Prompt -
Output the data in full. Keep every word exact and exclude the pictures.

Stored data -
----
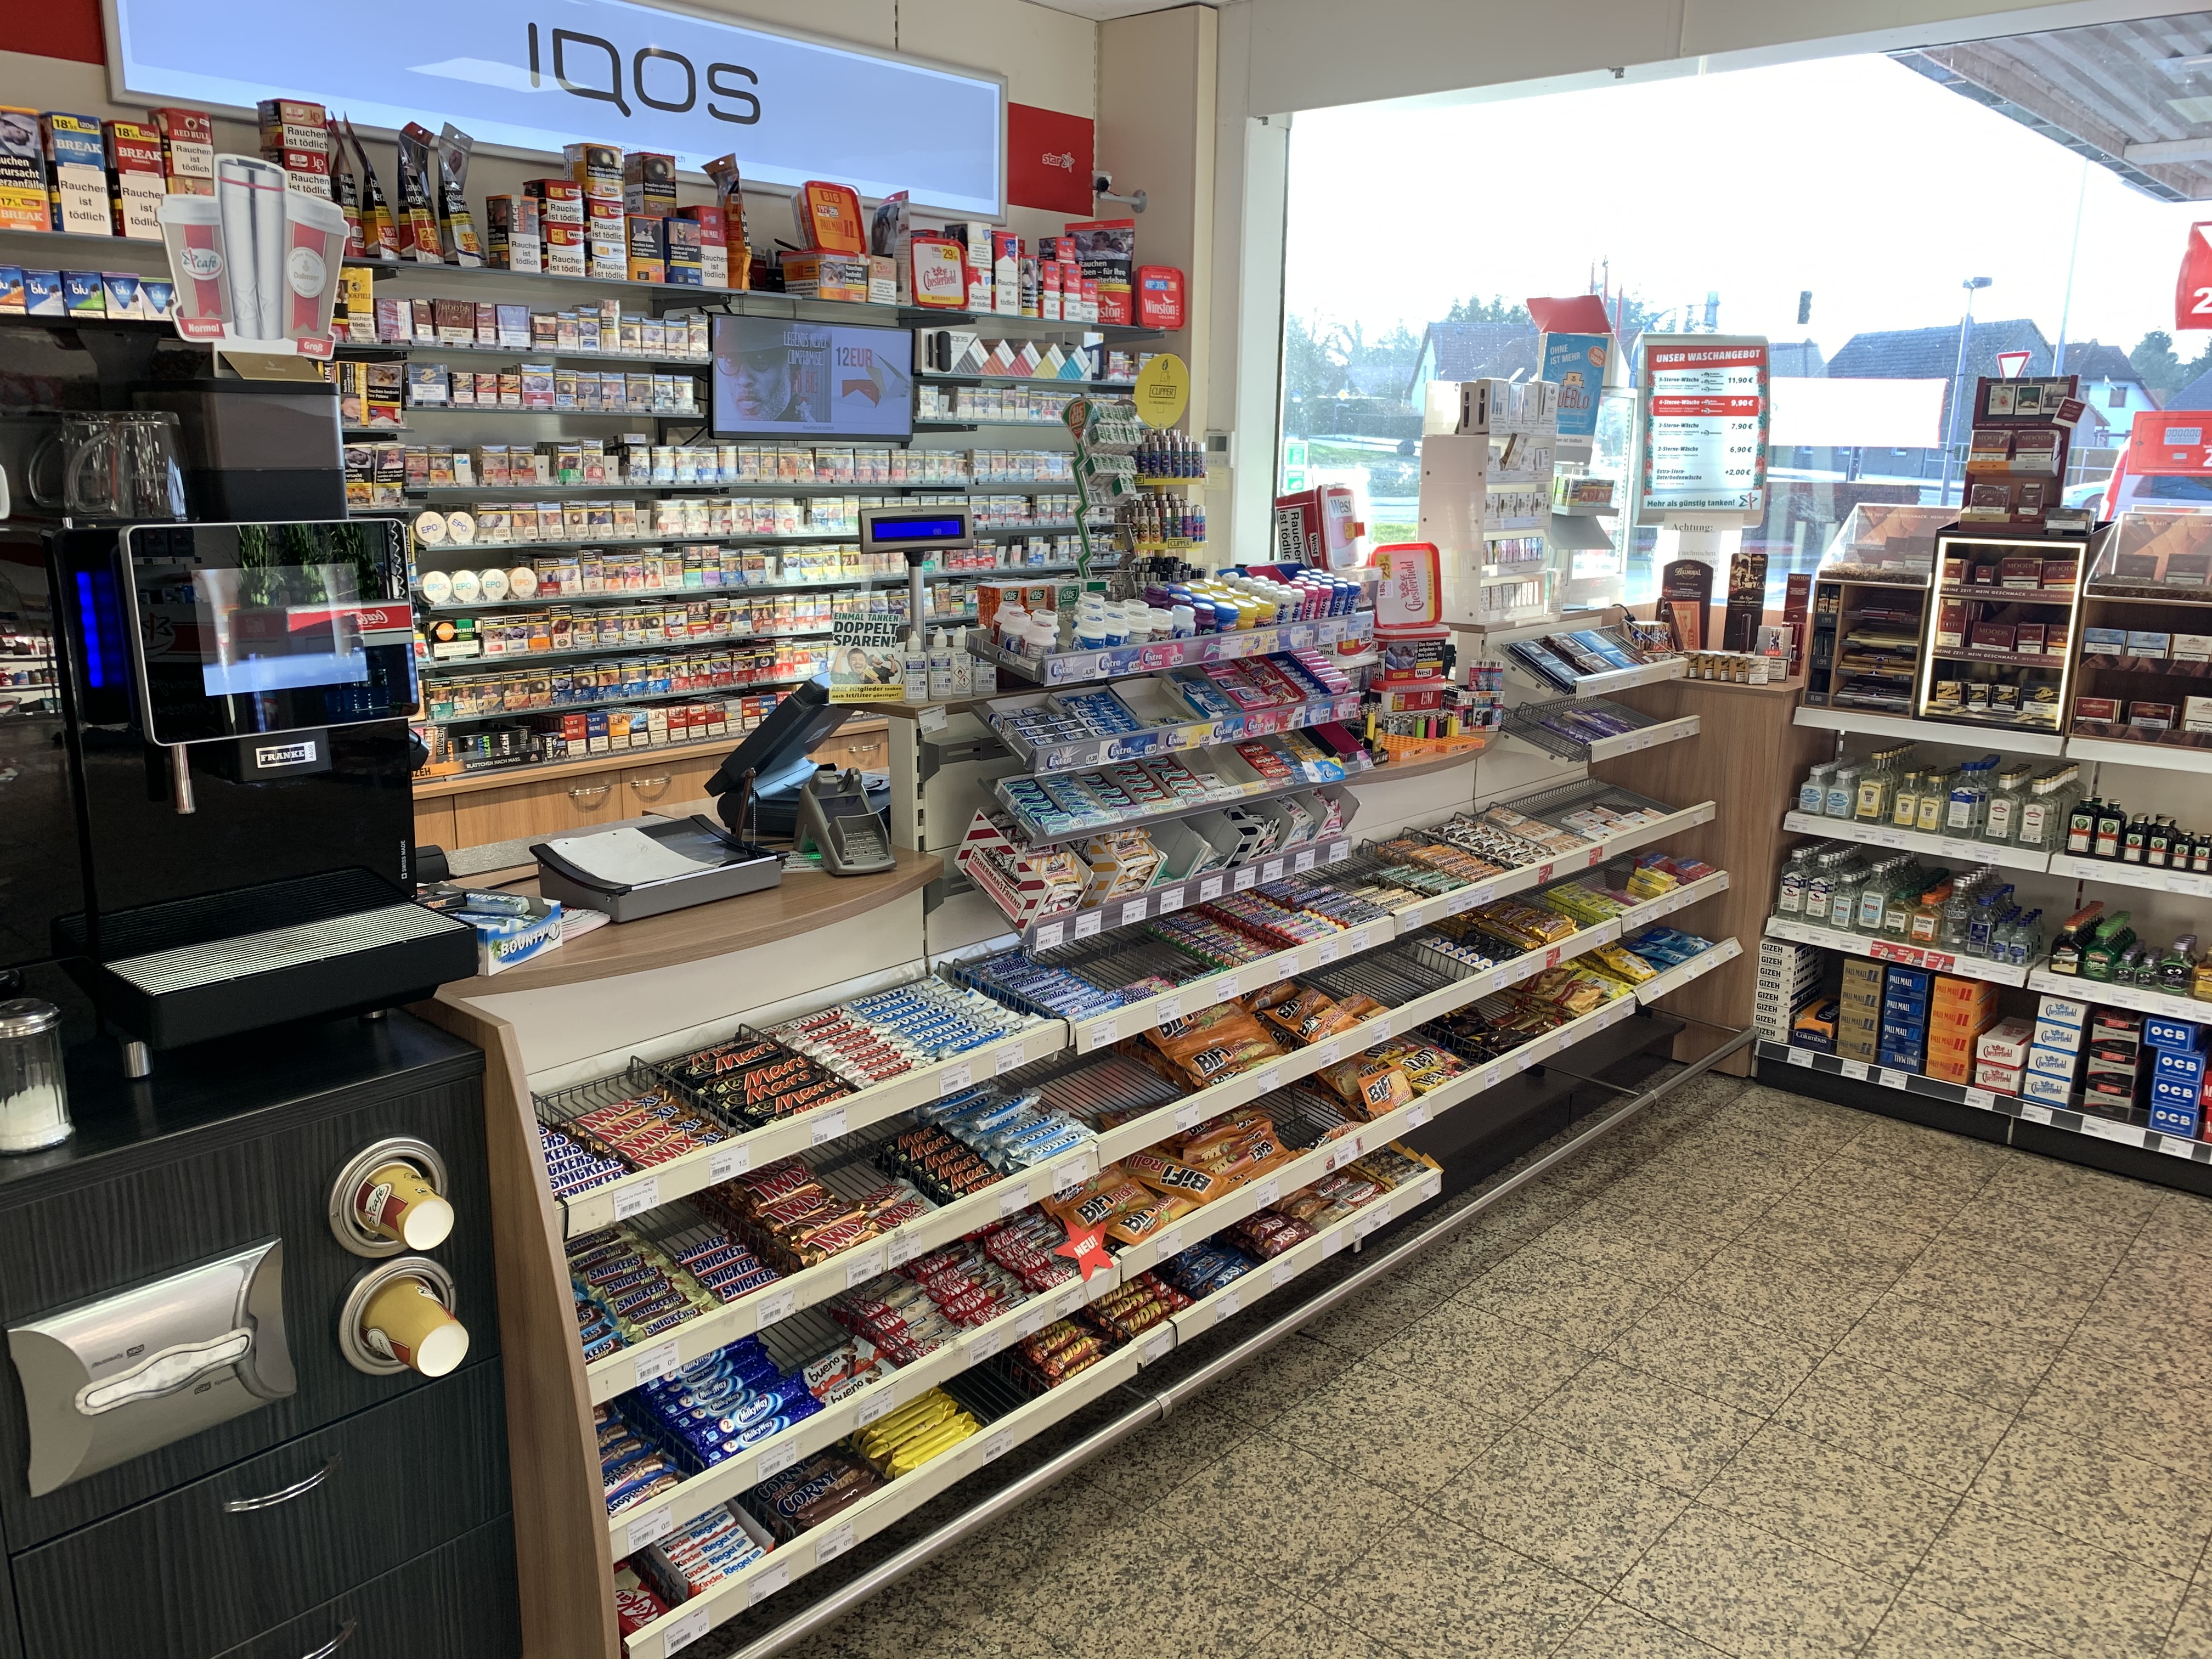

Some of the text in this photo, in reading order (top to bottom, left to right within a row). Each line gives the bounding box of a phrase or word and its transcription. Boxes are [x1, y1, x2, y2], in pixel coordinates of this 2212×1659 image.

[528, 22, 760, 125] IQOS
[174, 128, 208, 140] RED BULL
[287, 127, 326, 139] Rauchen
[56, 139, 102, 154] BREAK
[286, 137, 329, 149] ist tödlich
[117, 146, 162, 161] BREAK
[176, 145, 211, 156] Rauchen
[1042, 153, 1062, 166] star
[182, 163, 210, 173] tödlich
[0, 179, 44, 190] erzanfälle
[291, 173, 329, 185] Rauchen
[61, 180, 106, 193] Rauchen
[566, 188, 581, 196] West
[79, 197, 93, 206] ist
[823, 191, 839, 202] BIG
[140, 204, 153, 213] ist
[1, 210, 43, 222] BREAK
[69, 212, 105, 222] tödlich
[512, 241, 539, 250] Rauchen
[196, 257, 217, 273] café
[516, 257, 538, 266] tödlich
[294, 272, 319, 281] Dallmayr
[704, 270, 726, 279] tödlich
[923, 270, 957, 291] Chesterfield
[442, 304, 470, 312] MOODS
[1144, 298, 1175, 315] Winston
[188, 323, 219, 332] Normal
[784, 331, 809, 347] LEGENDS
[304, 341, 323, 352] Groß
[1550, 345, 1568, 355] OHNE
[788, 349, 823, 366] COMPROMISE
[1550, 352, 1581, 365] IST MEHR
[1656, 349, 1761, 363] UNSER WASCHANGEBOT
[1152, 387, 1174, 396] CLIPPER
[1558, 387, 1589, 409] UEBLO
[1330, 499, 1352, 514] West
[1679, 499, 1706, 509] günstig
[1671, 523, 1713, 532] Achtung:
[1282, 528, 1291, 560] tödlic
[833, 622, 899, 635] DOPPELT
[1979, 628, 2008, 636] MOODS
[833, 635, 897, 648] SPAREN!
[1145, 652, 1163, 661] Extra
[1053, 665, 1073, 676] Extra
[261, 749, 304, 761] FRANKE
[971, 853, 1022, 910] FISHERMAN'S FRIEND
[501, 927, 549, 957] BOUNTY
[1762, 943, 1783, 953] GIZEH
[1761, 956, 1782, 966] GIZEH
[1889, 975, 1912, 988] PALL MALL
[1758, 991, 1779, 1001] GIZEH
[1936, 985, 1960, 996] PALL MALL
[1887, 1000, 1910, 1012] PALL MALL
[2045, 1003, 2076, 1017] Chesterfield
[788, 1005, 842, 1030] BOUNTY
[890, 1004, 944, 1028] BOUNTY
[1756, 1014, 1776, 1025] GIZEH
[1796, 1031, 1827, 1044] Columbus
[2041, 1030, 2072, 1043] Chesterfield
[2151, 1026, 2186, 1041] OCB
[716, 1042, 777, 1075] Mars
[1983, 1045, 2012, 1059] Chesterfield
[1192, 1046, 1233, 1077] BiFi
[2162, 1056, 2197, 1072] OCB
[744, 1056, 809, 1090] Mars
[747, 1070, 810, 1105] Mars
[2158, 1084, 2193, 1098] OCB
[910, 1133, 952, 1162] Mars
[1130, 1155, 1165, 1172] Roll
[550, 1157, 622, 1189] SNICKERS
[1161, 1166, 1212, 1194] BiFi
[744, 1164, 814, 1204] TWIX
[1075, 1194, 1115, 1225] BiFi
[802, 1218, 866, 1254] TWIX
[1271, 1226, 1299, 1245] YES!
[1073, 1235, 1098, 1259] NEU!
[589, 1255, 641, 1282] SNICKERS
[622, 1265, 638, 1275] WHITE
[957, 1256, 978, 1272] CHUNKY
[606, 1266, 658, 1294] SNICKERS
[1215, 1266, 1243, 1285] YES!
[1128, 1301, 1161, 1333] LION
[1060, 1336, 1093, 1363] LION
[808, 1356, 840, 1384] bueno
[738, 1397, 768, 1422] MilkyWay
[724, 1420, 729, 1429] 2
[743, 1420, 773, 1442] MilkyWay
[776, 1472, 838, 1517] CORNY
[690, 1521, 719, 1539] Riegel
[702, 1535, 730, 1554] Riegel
----
Your response -
Some of the text in this photo, in reading order (top to bottom, left to right within a row). Each line gives the bounding box of a phrase or word and its transcription. Boxes are [x1, y1, x2, y2], in pixel coordinates of this 2212×1659 image.

[528, 22, 760, 125] IQOS
[174, 128, 208, 140] RED BULL
[287, 127, 326, 139] Rauchen
[56, 139, 102, 154] BREAK
[286, 137, 329, 149] ist tödlich
[117, 146, 162, 161] BREAK
[176, 145, 211, 156] Rauchen
[1042, 153, 1062, 166] star
[182, 163, 210, 173] tödlich
[0, 179, 44, 190] erzanfälle
[291, 173, 329, 185] Rauchen
[61, 180, 106, 193] Rauchen
[566, 188, 581, 196] West
[79, 197, 93, 206] ist
[823, 191, 839, 202] BIG
[140, 204, 153, 213] ist
[1, 210, 43, 222] BREAK
[69, 212, 105, 222] tödlich
[512, 241, 539, 250] Rauchen
[196, 257, 217, 273] café
[516, 257, 538, 266] tödlich
[294, 272, 319, 281] Dallmayr
[704, 270, 726, 279] tödlich
[923, 270, 957, 291] Chesterfield
[442, 304, 470, 312] MOODS
[1144, 298, 1175, 315] Winston
[188, 323, 219, 332] Normal
[784, 331, 809, 347] LEGENDS
[304, 341, 323, 352] Groß
[1550, 345, 1568, 355] OHNE
[788, 349, 823, 366] COMPROMISE
[1550, 352, 1581, 365] IST MEHR
[1656, 349, 1761, 363] UNSER WASCHANGEBOT
[1152, 387, 1174, 396] CLIPPER
[1558, 387, 1589, 409] UEBLO
[1330, 499, 1352, 514] West
[1679, 499, 1706, 509] günstig
[1671, 523, 1713, 532] Achtung:
[1282, 528, 1291, 560] tödlic
[833, 622, 899, 635] DOPPELT
[1979, 628, 2008, 636] MOODS
[833, 635, 897, 648] SPAREN!
[1145, 652, 1163, 661] Extra
[1053, 665, 1073, 676] Extra
[261, 749, 304, 761] FRANKE
[971, 853, 1022, 910] FISHERMAN'S FRIEND
[501, 927, 549, 957] BOUNTY
[1762, 943, 1783, 953] GIZEH
[1761, 956, 1782, 966] GIZEH
[1889, 975, 1912, 988] PALL MALL
[1758, 991, 1779, 1001] GIZEH
[1936, 985, 1960, 996] PALL MALL
[1887, 1000, 1910, 1012] PALL MALL
[2045, 1003, 2076, 1017] Chesterfield
[788, 1005, 842, 1030] BOUNTY
[890, 1004, 944, 1028] BOUNTY
[1756, 1014, 1776, 1025] GIZEH
[1796, 1031, 1827, 1044] Columbus
[2041, 1030, 2072, 1043] Chesterfield
[2151, 1026, 2186, 1041] OCB
[716, 1042, 777, 1075] Mars
[1983, 1045, 2012, 1059] Chesterfield
[1192, 1046, 1233, 1077] BiFi
[2162, 1056, 2197, 1072] OCB
[744, 1056, 809, 1090] Mars
[747, 1070, 810, 1105] Mars
[2158, 1084, 2193, 1098] OCB
[910, 1133, 952, 1162] Mars
[1130, 1155, 1165, 1172] Roll
[550, 1157, 622, 1189] SNICKERS
[1161, 1166, 1212, 1194] BiFi
[744, 1164, 814, 1204] TWIX
[1075, 1194, 1115, 1225] BiFi
[802, 1218, 866, 1254] TWIX
[1271, 1226, 1299, 1245] YES!
[1073, 1235, 1098, 1259] NEU!
[589, 1255, 641, 1282] SNICKERS
[622, 1265, 638, 1275] WHITE
[957, 1256, 978, 1272] CHUNKY
[606, 1266, 658, 1294] SNICKERS
[1215, 1266, 1243, 1285] YES!
[1128, 1301, 1161, 1333] LION
[1060, 1336, 1093, 1363] LION
[808, 1356, 840, 1384] bueno
[738, 1397, 768, 1422] MilkyWay
[724, 1420, 729, 1429] 2
[743, 1420, 773, 1442] MilkyWay
[776, 1472, 838, 1517] CORNY
[690, 1521, 719, 1539] Riegel
[702, 1535, 730, 1554] Riegel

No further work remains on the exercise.